━━ DATA SUPPLIED
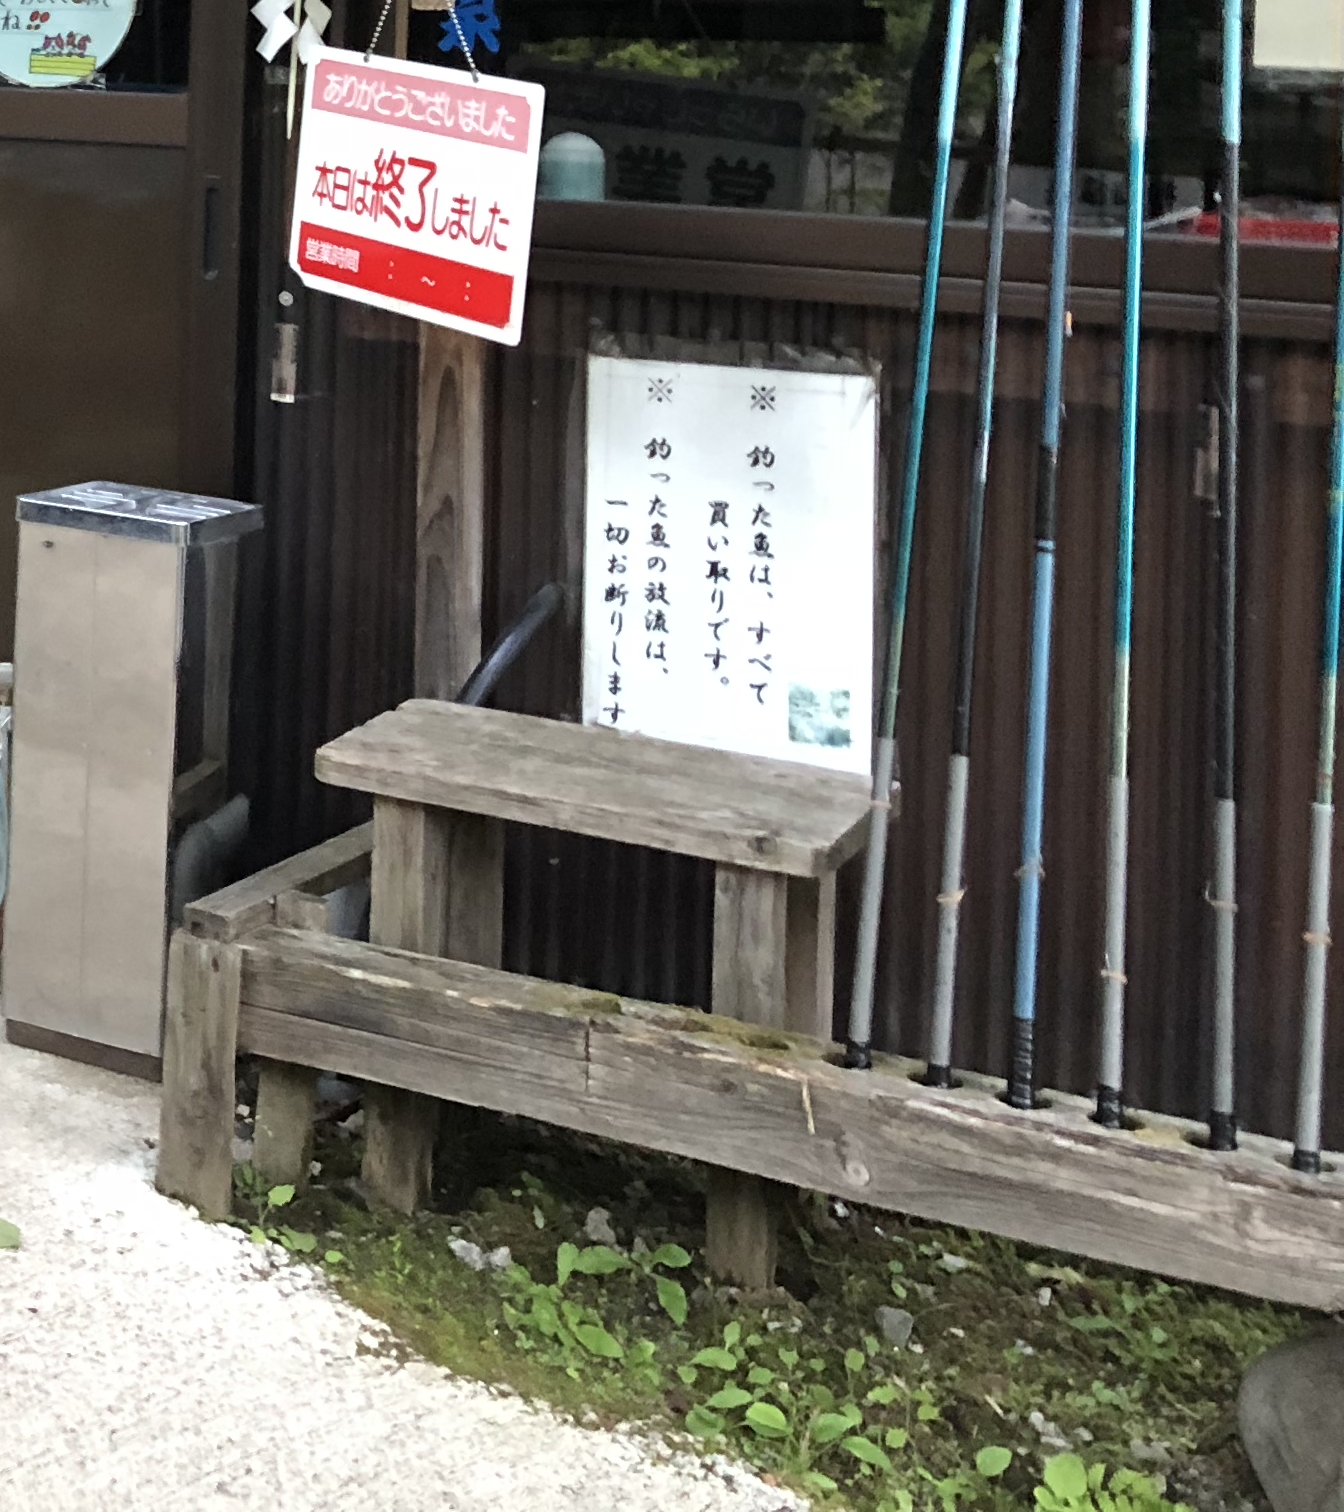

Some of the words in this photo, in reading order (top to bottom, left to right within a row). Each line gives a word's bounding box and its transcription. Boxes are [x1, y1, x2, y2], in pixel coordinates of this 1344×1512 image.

[323, 73, 517, 141] ありがとうございました
[305, 237, 360, 273] 営業時間
[312, 147, 510, 252] 本日は終了しました
[603, 499, 630, 725] 一切お断りします
[644, 436, 672, 677] 釣った魚の放流は、
[704, 499, 731, 688] 買い取りです。
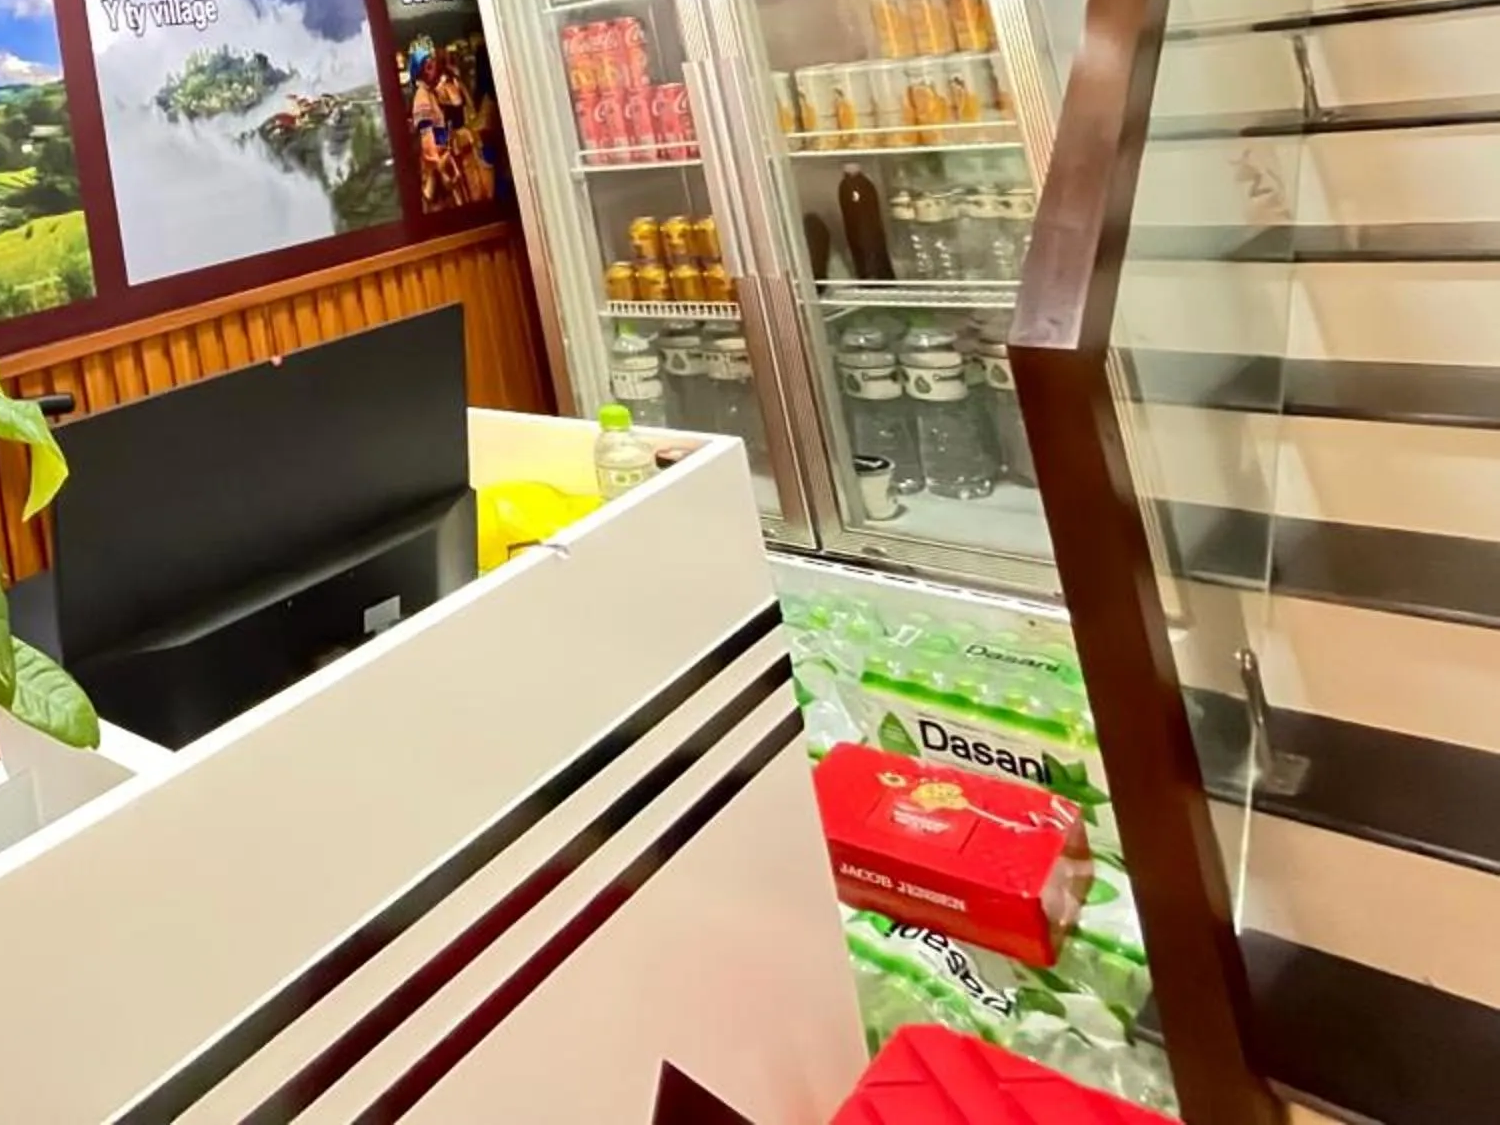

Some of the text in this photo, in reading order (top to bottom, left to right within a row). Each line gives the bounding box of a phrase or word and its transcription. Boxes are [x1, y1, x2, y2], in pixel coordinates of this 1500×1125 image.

[965, 643, 1062, 674] Dasani
[918, 718, 1053, 786] Dasani
[838, 862, 895, 889] JACOB
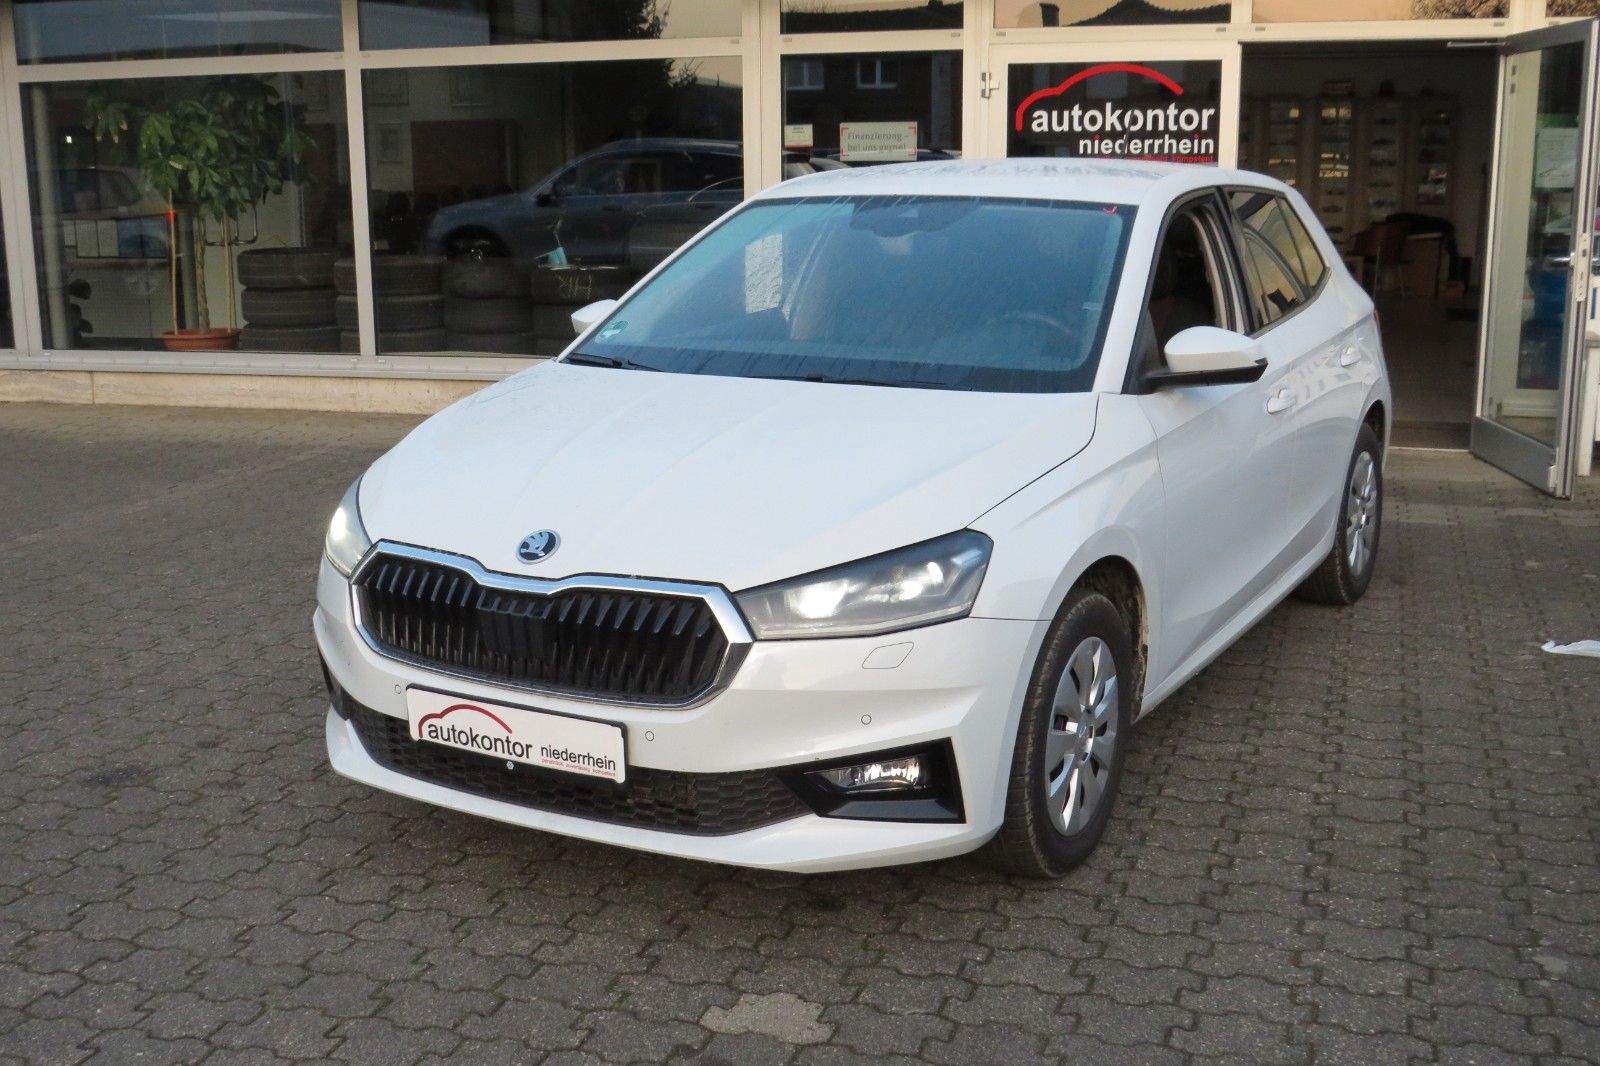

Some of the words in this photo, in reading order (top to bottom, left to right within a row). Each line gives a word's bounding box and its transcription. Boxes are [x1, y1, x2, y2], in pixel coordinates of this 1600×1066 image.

[1031, 102, 1216, 132] autokontor
[1078, 134, 1215, 155] niederrhein
[428, 724, 533, 759] autokontor
[540, 745, 615, 770] niederrhein
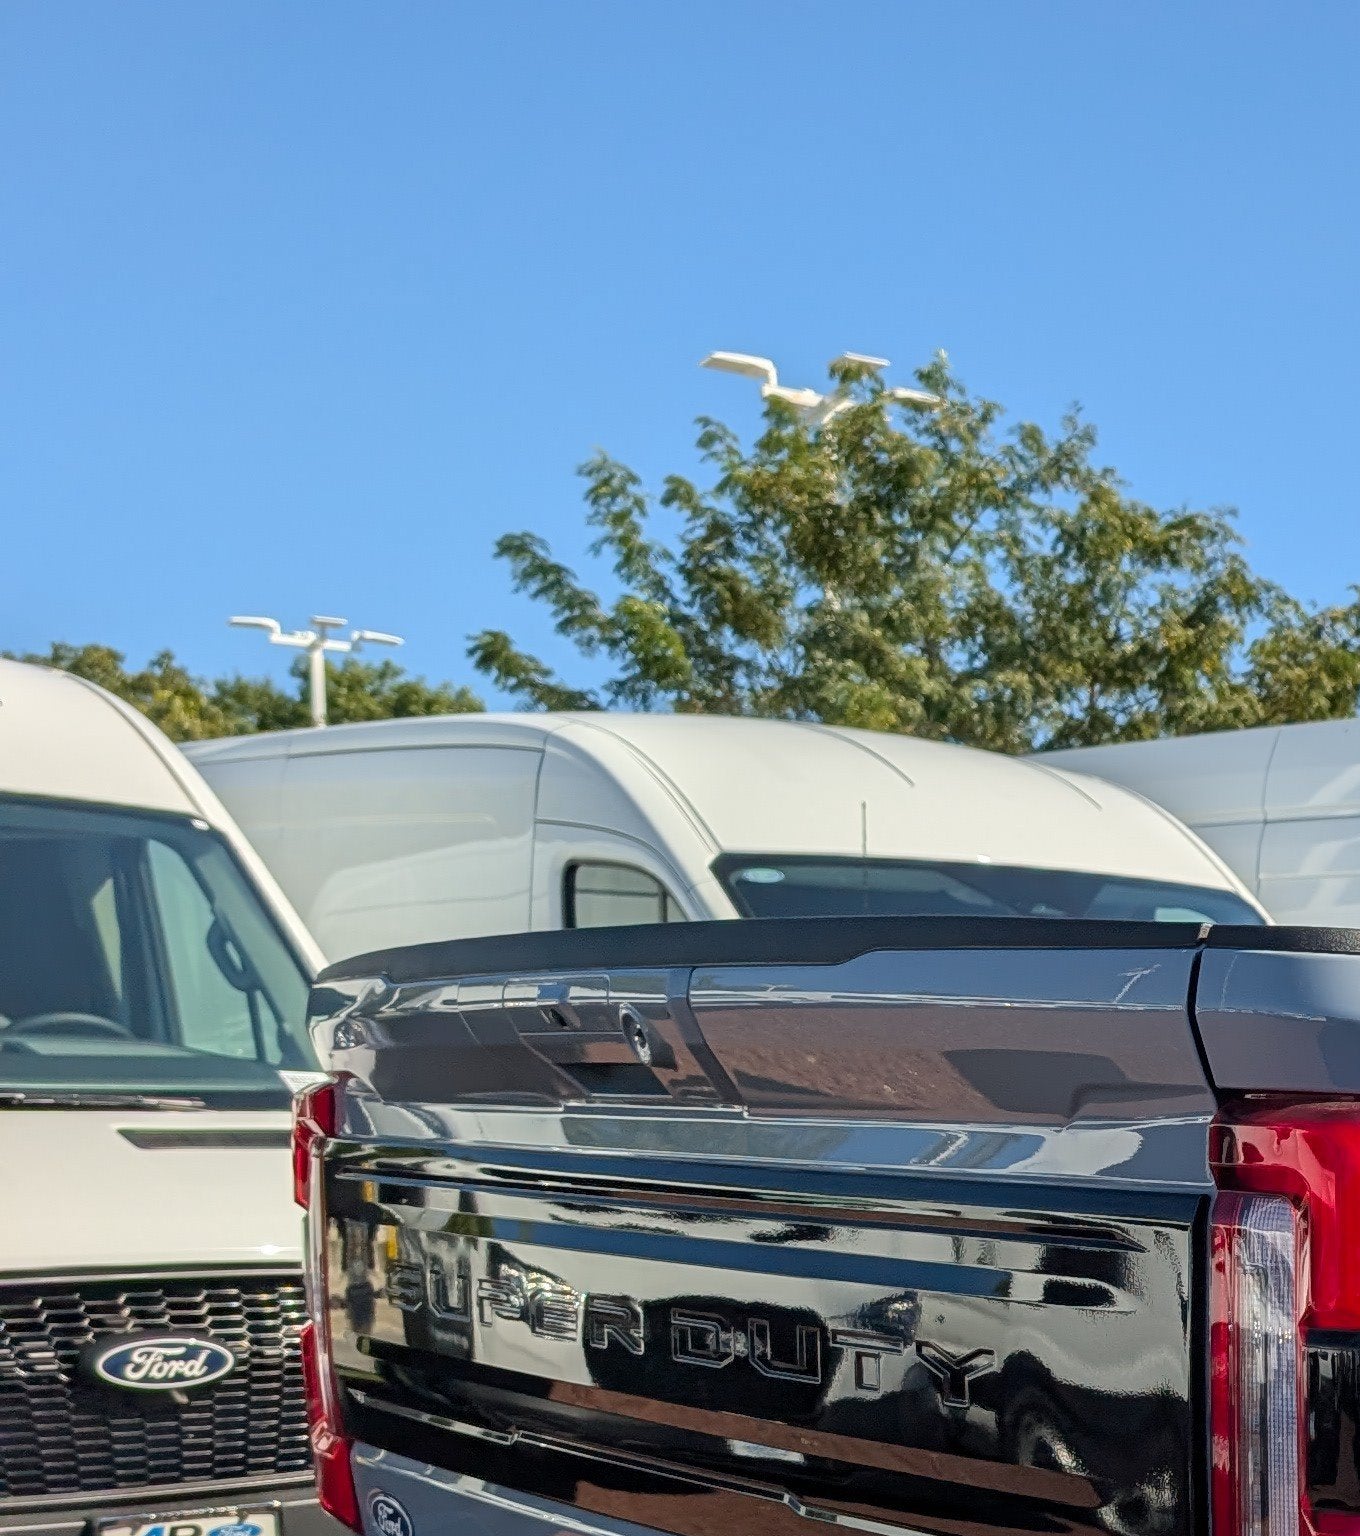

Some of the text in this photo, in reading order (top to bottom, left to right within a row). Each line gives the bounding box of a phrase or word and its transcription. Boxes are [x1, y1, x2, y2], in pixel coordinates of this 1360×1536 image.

[124, 1346, 209, 1380] Ford
[387, 1262, 996, 1408] SUPER DUTY
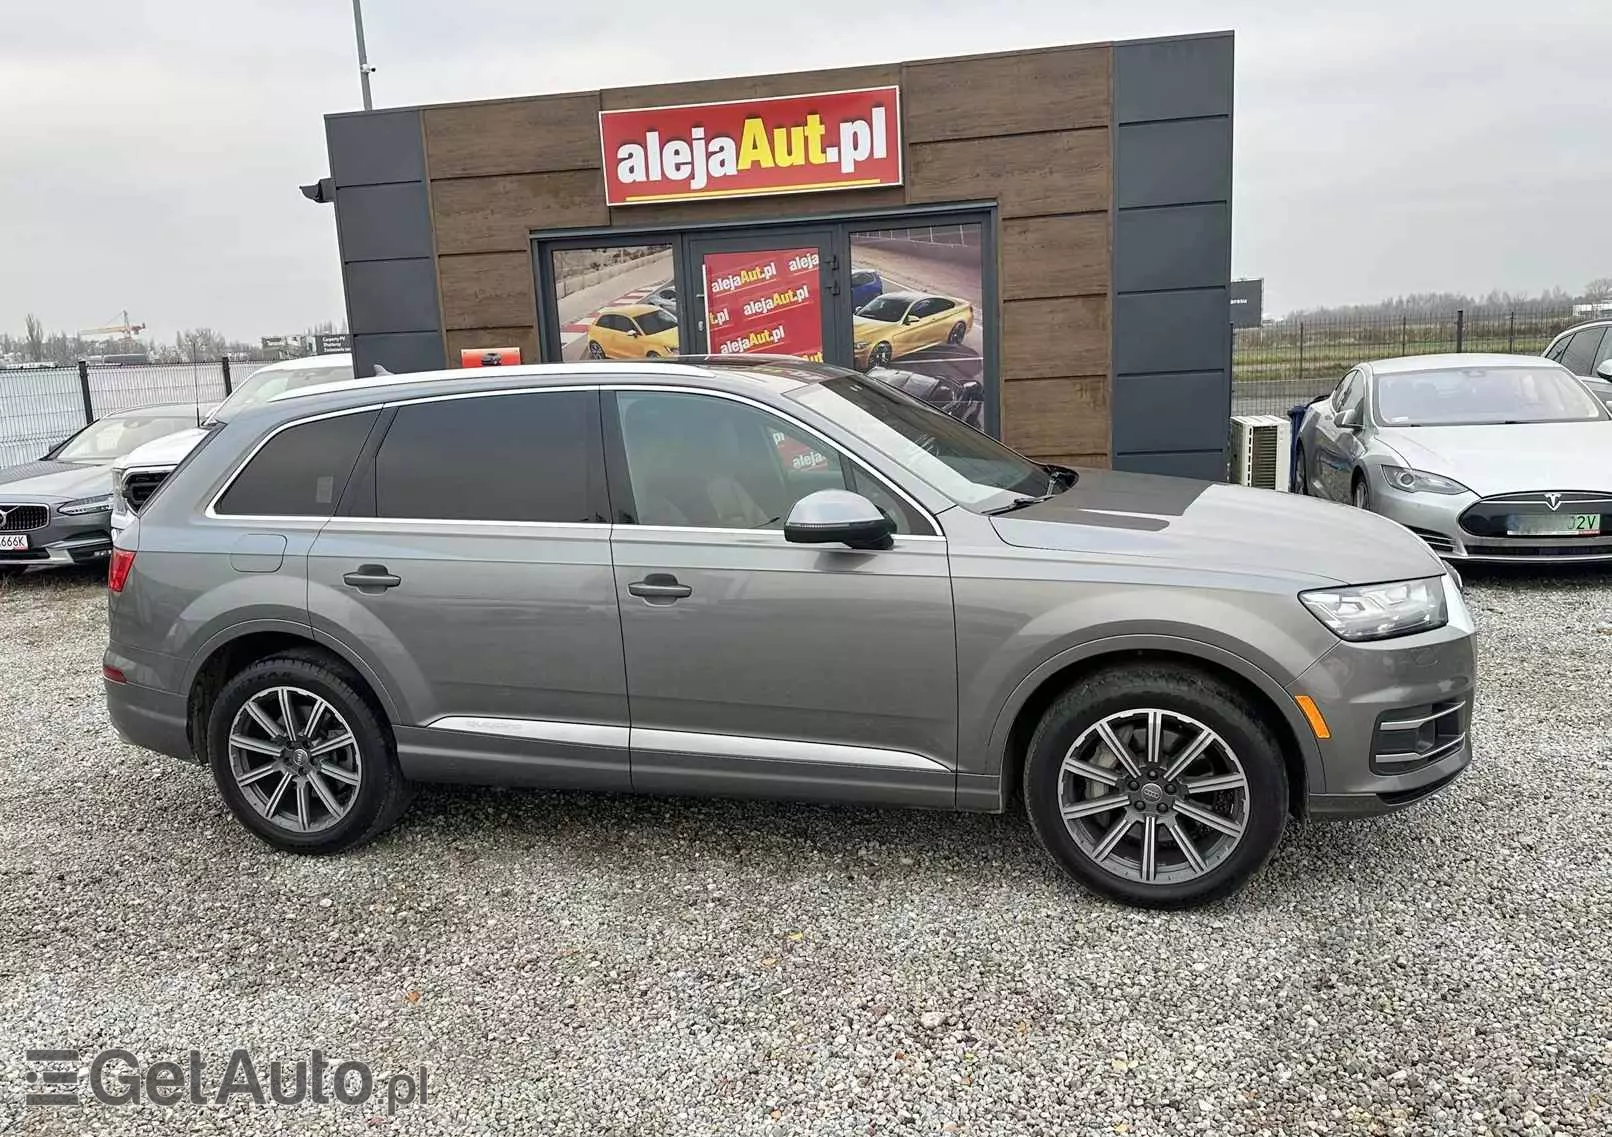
━━━━
TO DO:
Starting at the line where "this 1360×1536 image." appears, restate every line through the end of the records above exactly, but omit the pictures.

ANSWER BOX:
Some of the text in this photo, in reading order (top to bottom, left to right within a row). Each line gives the bounding box of a phrase or word and its transcription. Boxes are [x1, y1, x2, y2], in pixel coordinates of this 1360×1536 image.

[124, 1346, 209, 1380] Ford
[387, 1262, 996, 1408] SUPER DUTY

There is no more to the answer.